--- Exercise data ---

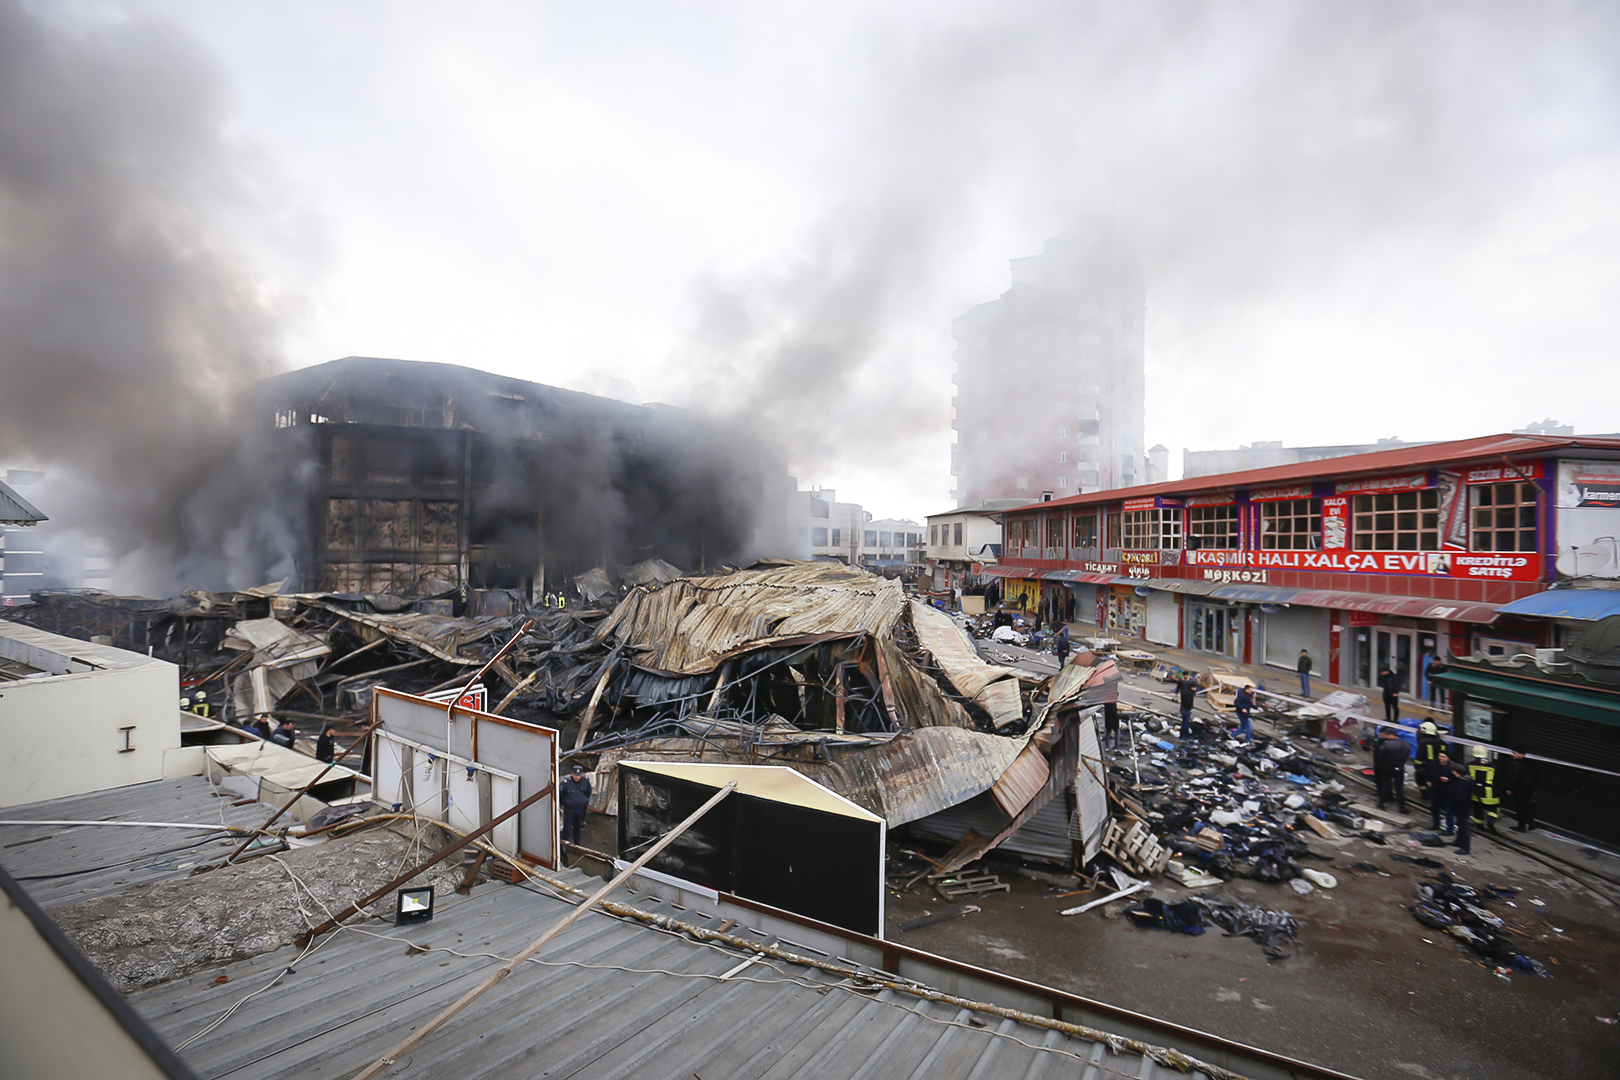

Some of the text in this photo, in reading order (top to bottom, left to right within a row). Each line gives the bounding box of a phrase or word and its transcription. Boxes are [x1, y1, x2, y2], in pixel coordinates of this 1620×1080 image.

[1323, 497, 1347, 507] XALÇA
[1197, 549, 1426, 572] KAŞMİR HALI XALÇA EVİ
[1468, 567, 1513, 579] SATIŞ
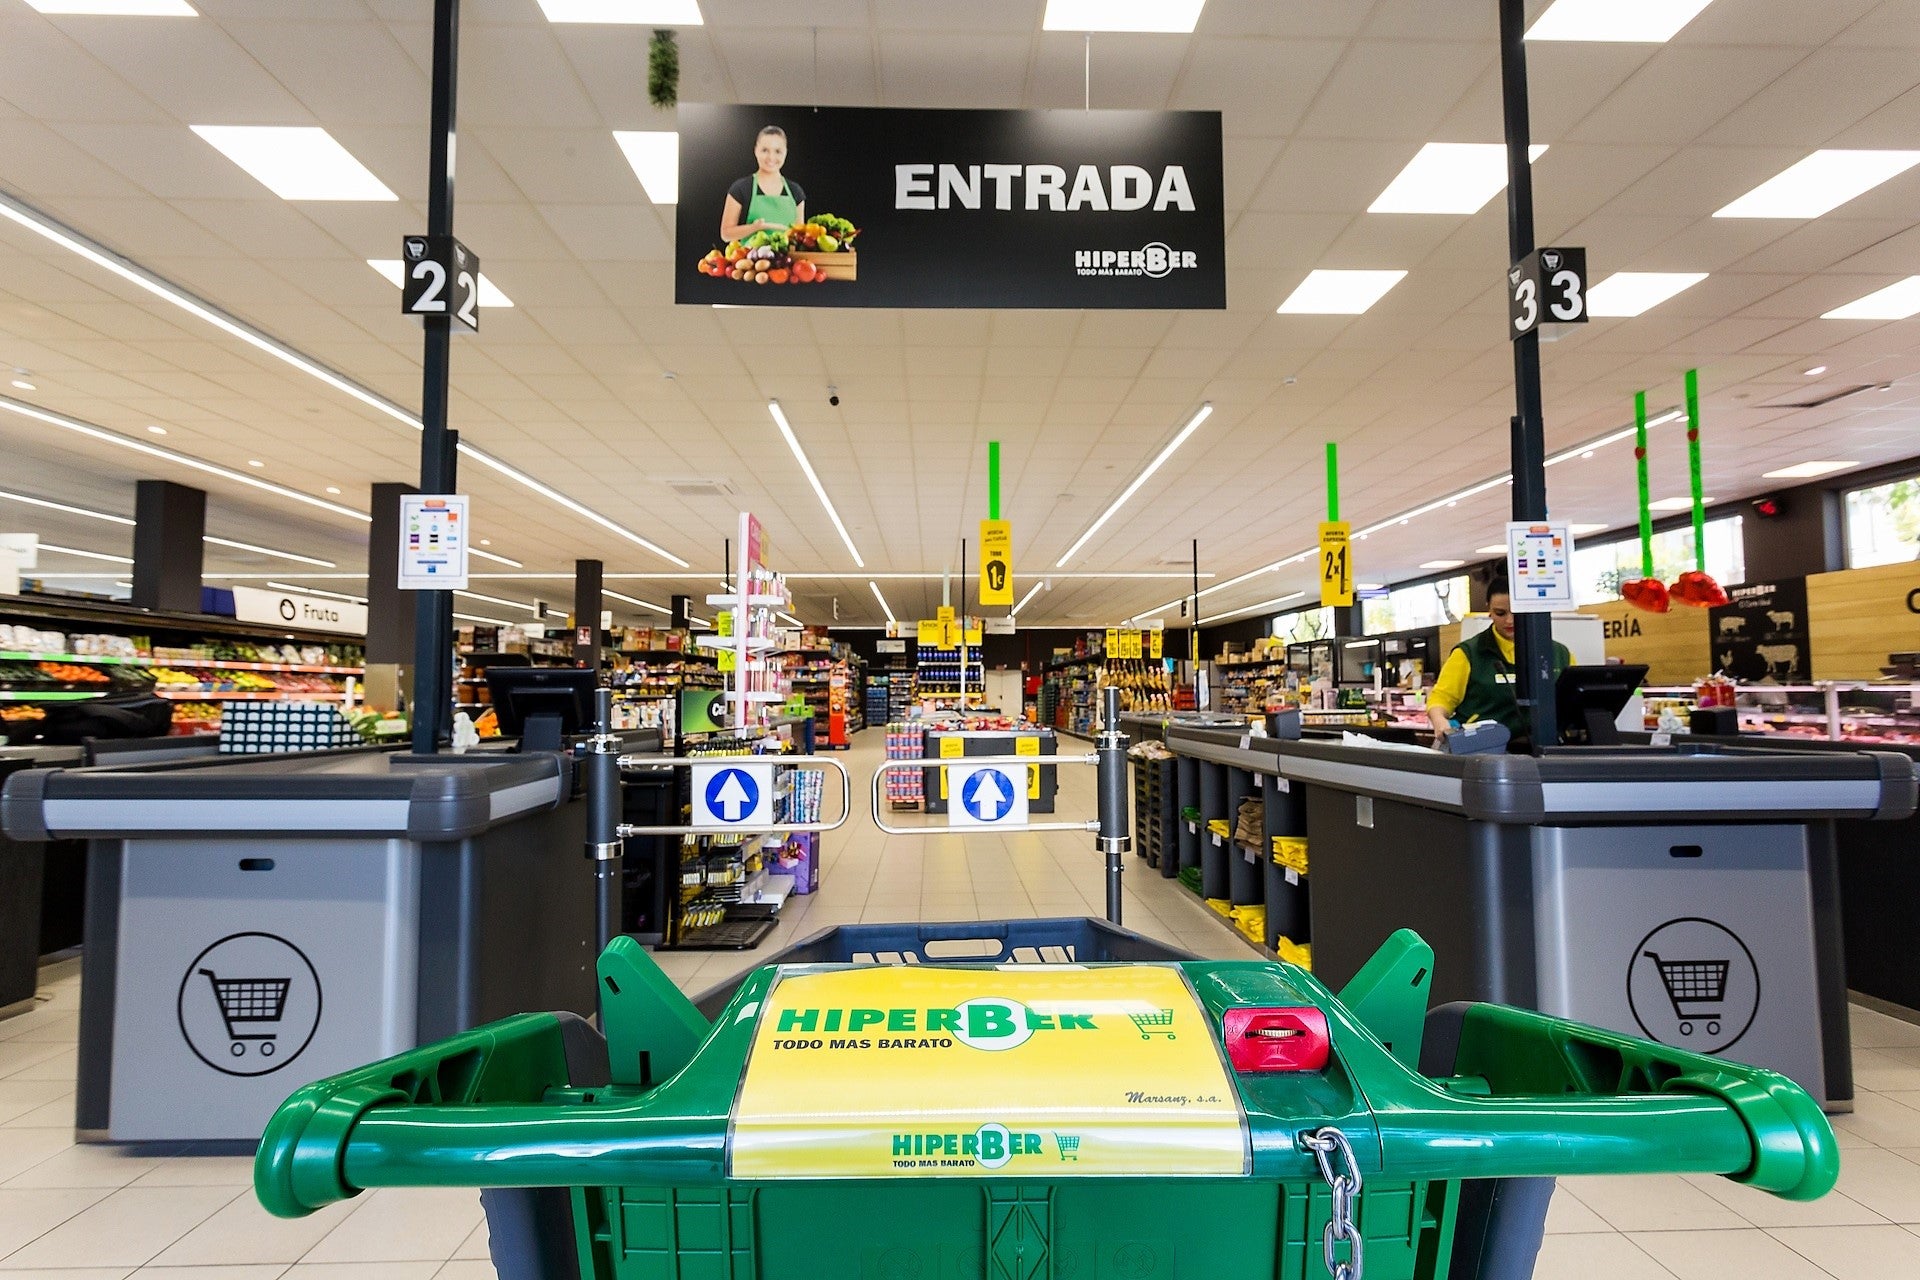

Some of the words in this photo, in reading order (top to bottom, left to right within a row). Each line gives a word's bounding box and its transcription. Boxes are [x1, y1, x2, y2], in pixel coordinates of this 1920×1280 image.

[895, 164, 1196, 212] ENTRADA
[1075, 247, 1197, 272] HIPERBER
[411, 260, 446, 312] 2
[457, 271, 477, 328] 2
[1514, 278, 1538, 331] 3
[1550, 270, 1583, 321] 3
[777, 1004, 1099, 1038] HIPERBER
[773, 1039, 823, 1050] TODO
[829, 1039, 871, 1049] MAS
[878, 1038, 953, 1049] BARATO
[892, 1130, 1043, 1160] HIPERBER
[893, 1160, 916, 1168] TODO
[918, 1160, 938, 1168] MAS
[940, 1159, 975, 1167] BARATO
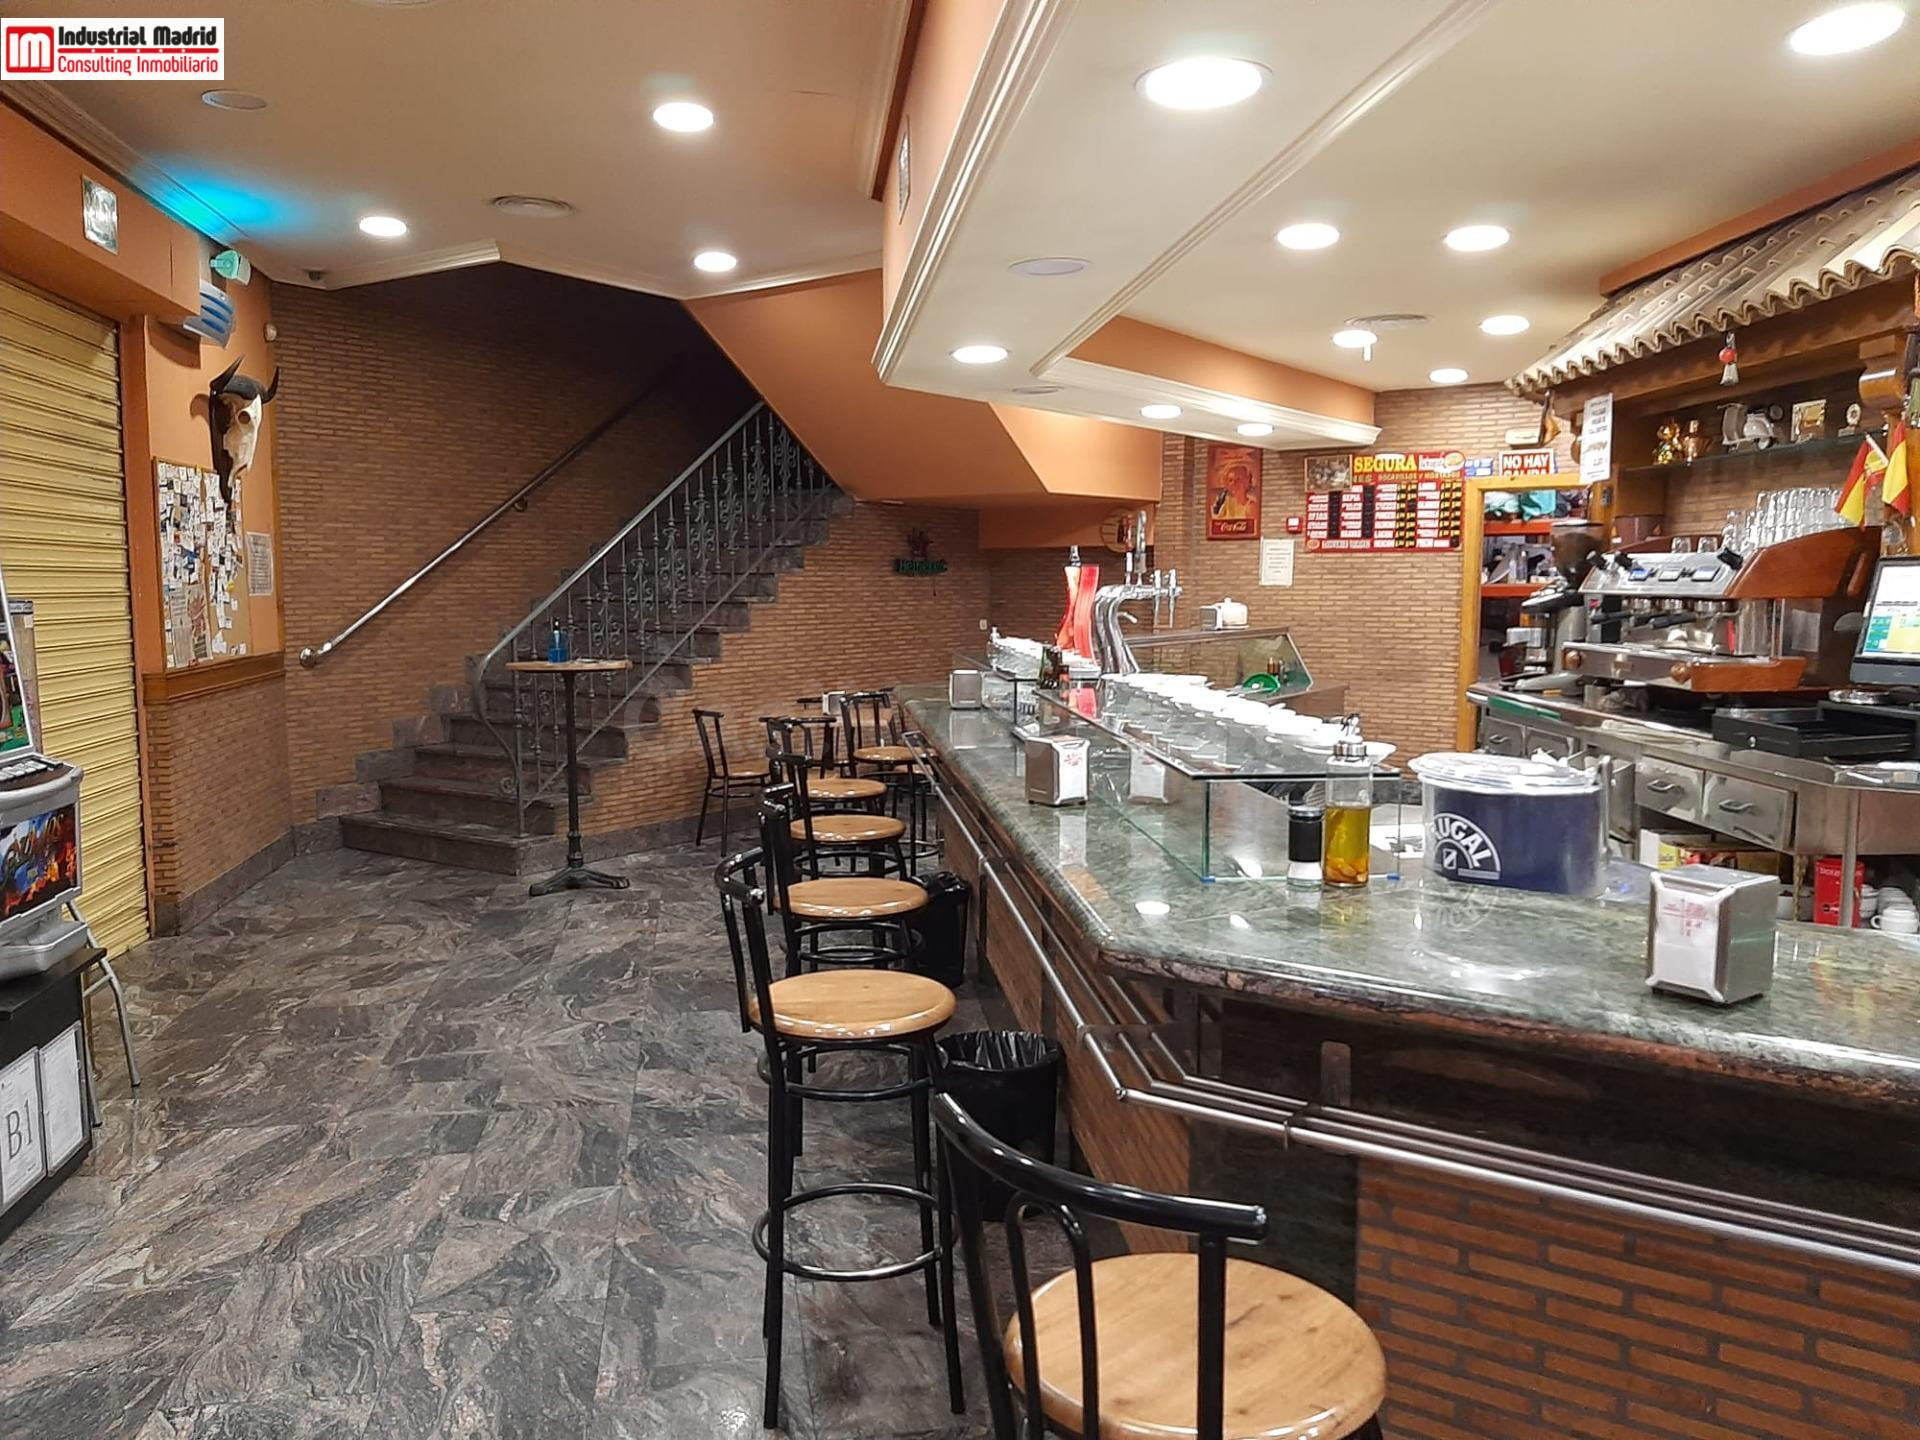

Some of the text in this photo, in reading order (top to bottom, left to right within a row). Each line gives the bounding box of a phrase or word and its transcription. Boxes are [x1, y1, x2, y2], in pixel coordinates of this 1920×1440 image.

---

Exercise brief:
Copy out exactly the lines between the line that contains "Some of the words" and the last line of the records, both ends included; leave out every picture.

Output of the exercise:
Some of the words in this photo, in reading order (top to bottom, left to right within a row). Each line gives a word's bounding box and its transcription. Boxes are [x1, y1, x2, y2], in pixel coordinates of this 1920×1280 image.

[895, 164, 1196, 212] ENTRADA
[1075, 247, 1197, 272] HIPERBER
[411, 260, 446, 312] 2
[457, 271, 477, 328] 2
[1514, 278, 1538, 331] 3
[1550, 270, 1583, 321] 3
[777, 1004, 1099, 1038] HIPERBER
[773, 1039, 823, 1050] TODO
[829, 1039, 871, 1049] MAS
[878, 1038, 953, 1049] BARATO
[892, 1130, 1043, 1160] HIPERBER
[893, 1160, 916, 1168] TODO
[918, 1160, 938, 1168] MAS
[940, 1159, 975, 1167] BARATO

Some of the text in this photo, in reading order (top to bottom, left to right within a row). Each line gives the bounding box of a phrase or word and its transcription. Boxes are [x1, y1, x2, y2], in pixel coordinates of this 1920×1440 image.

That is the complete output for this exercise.